Work item: Any images in the material are to be dropped while every line is retyped exactly.

Records shown:

————————

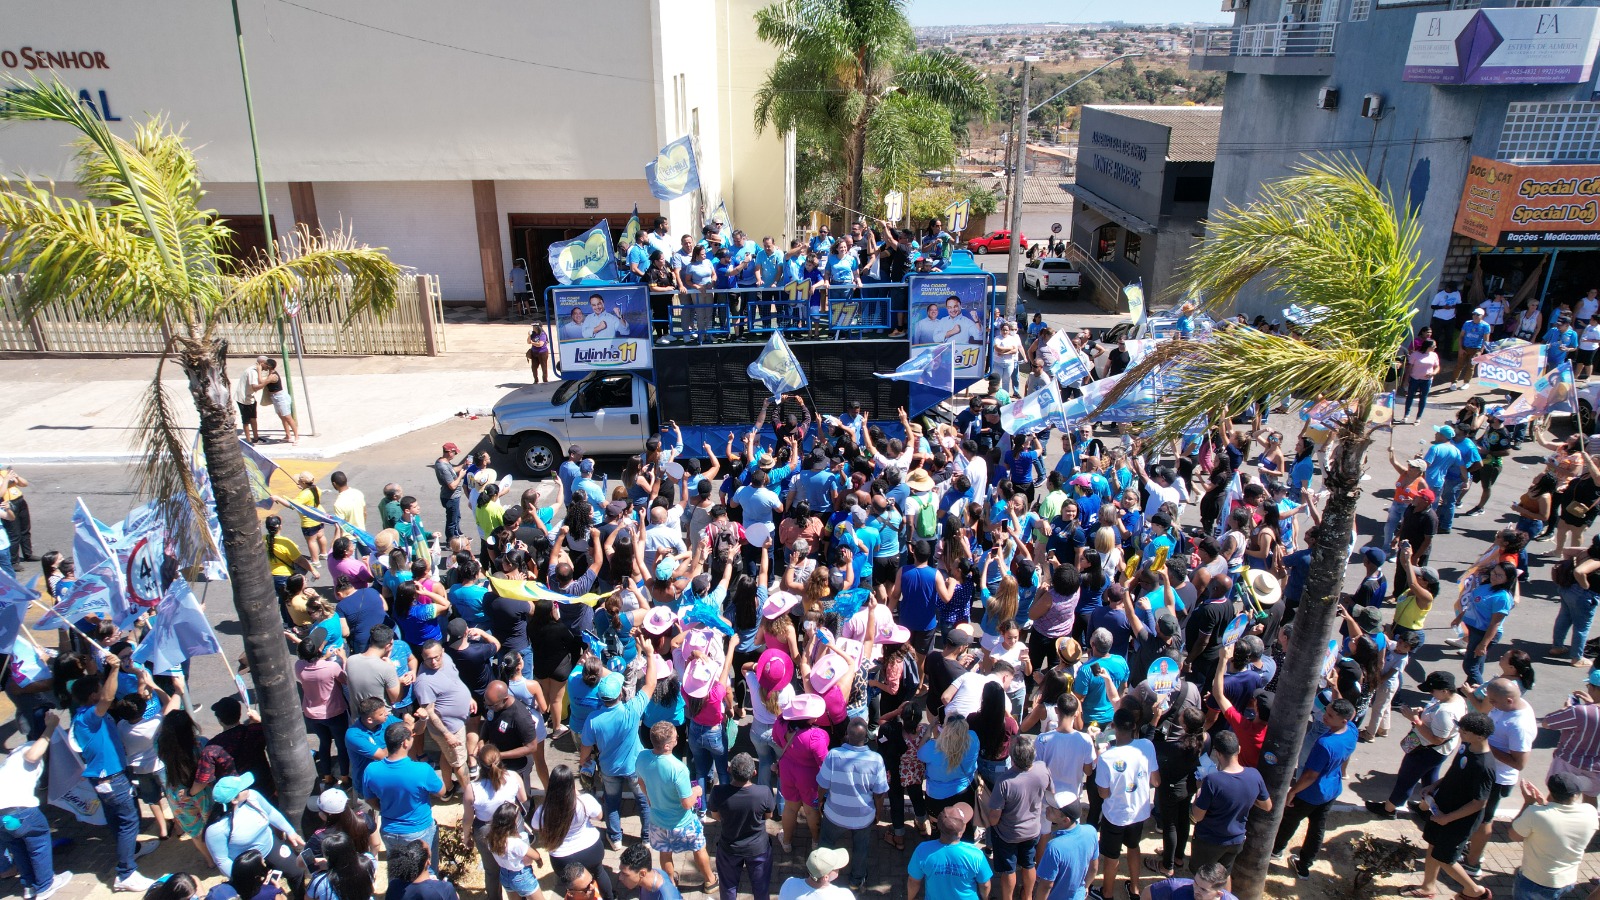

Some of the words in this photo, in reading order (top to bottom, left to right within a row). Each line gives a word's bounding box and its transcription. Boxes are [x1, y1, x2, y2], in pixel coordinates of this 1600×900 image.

[1507, 43, 1536, 51] ESTEVES
[1548, 42, 1578, 50] ALMEIDA
[1470, 165, 1487, 177] DOG
[1497, 171, 1513, 185] CAT
[1519, 179, 1577, 198] Special
[884, 192, 903, 221] 11
[944, 199, 970, 233] 11
[1513, 205, 1569, 223] Special
[1568, 201, 1597, 223] Dog
[1507, 233, 1538, 242] Rações
[784, 279, 811, 302] 11
[574, 346, 620, 364] Lulinha
[618, 341, 638, 361] 11
[962, 347, 979, 367] 11
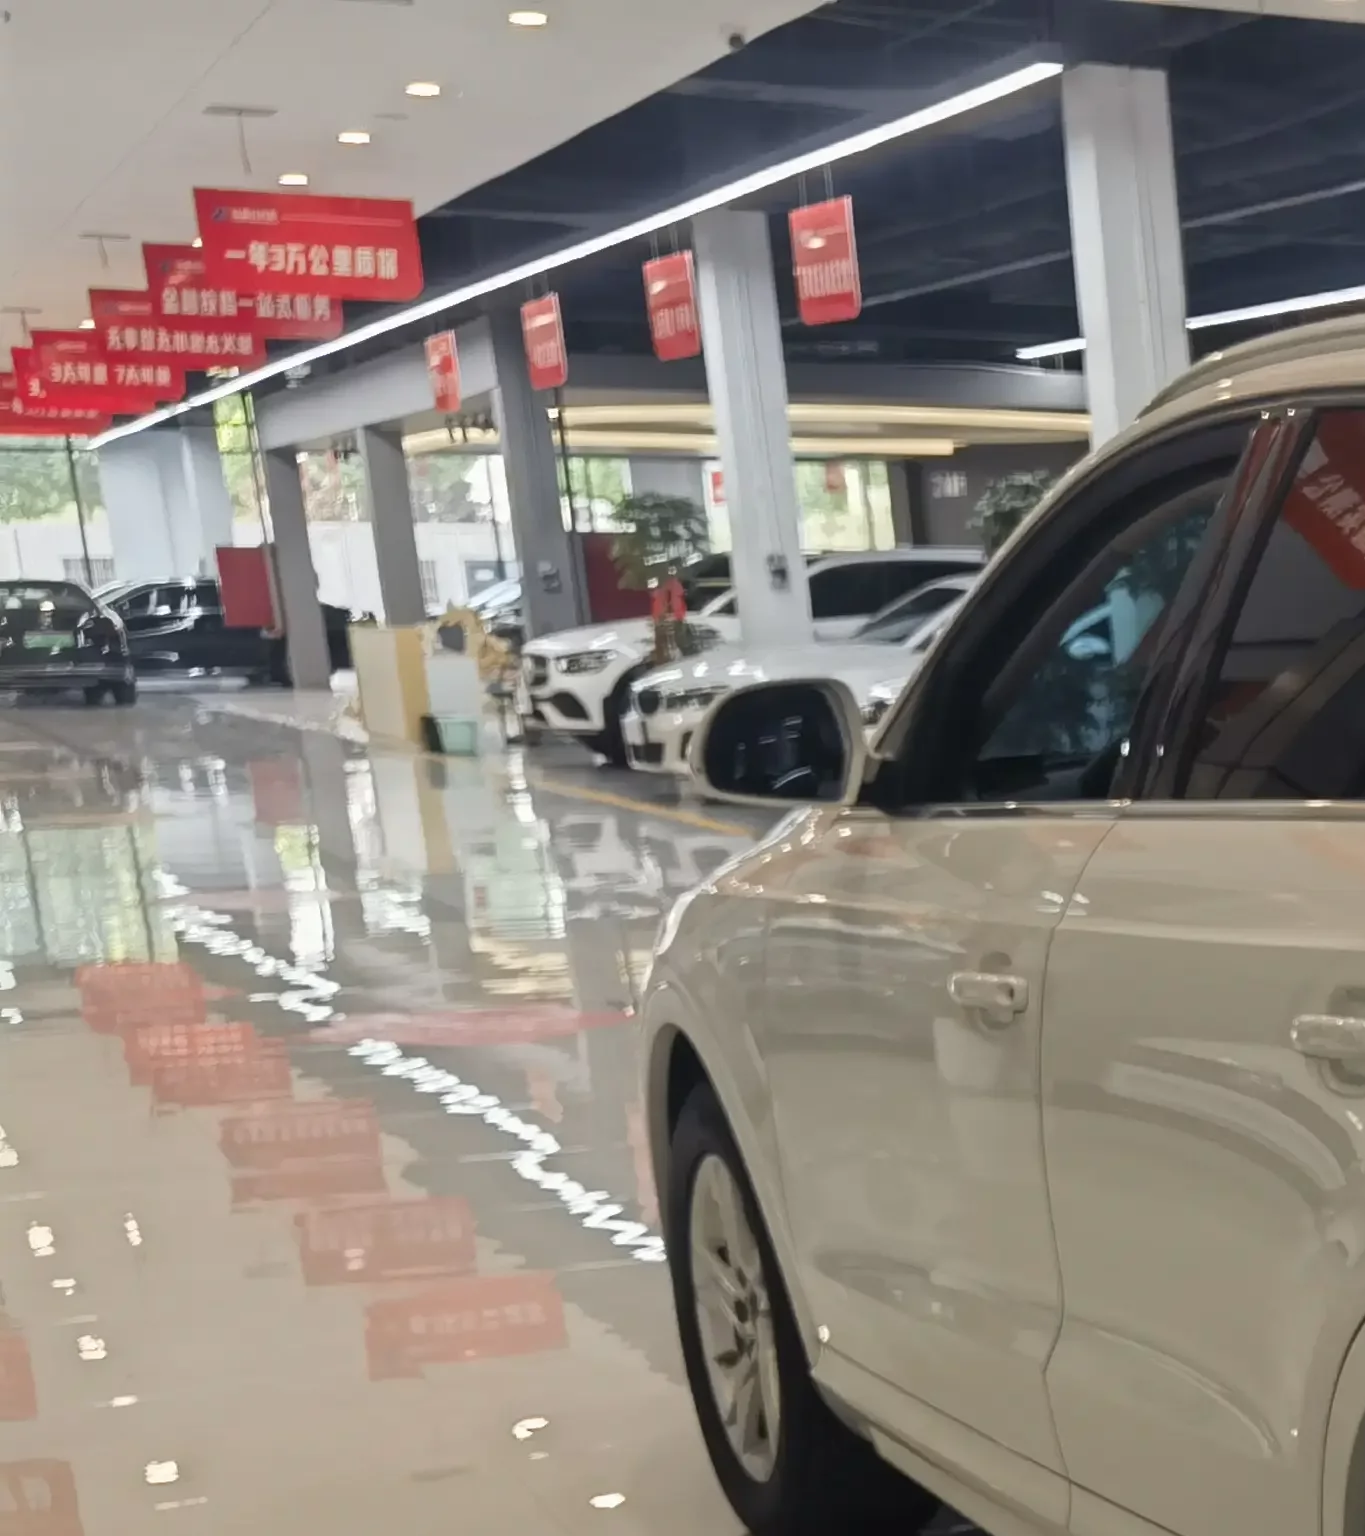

————————

Finished task:
Some of the words in this photo, in reading order (top to bottom, left to right within a row). Each line gives a word's bounding box and its transcription. Boxes are [x1, y1, x2, y2], in pixel coordinates of this 1600×900 image.

[1507, 43, 1536, 51] ESTEVES
[1548, 42, 1578, 50] ALMEIDA
[1470, 165, 1487, 177] DOG
[1497, 171, 1513, 185] CAT
[1519, 179, 1577, 198] Special
[884, 192, 903, 221] 11
[944, 199, 970, 233] 11
[1513, 205, 1569, 223] Special
[1568, 201, 1597, 223] Dog
[1507, 233, 1538, 242] Rações
[784, 279, 811, 302] 11
[574, 346, 620, 364] Lulinha
[618, 341, 638, 361] 11
[962, 347, 979, 367] 11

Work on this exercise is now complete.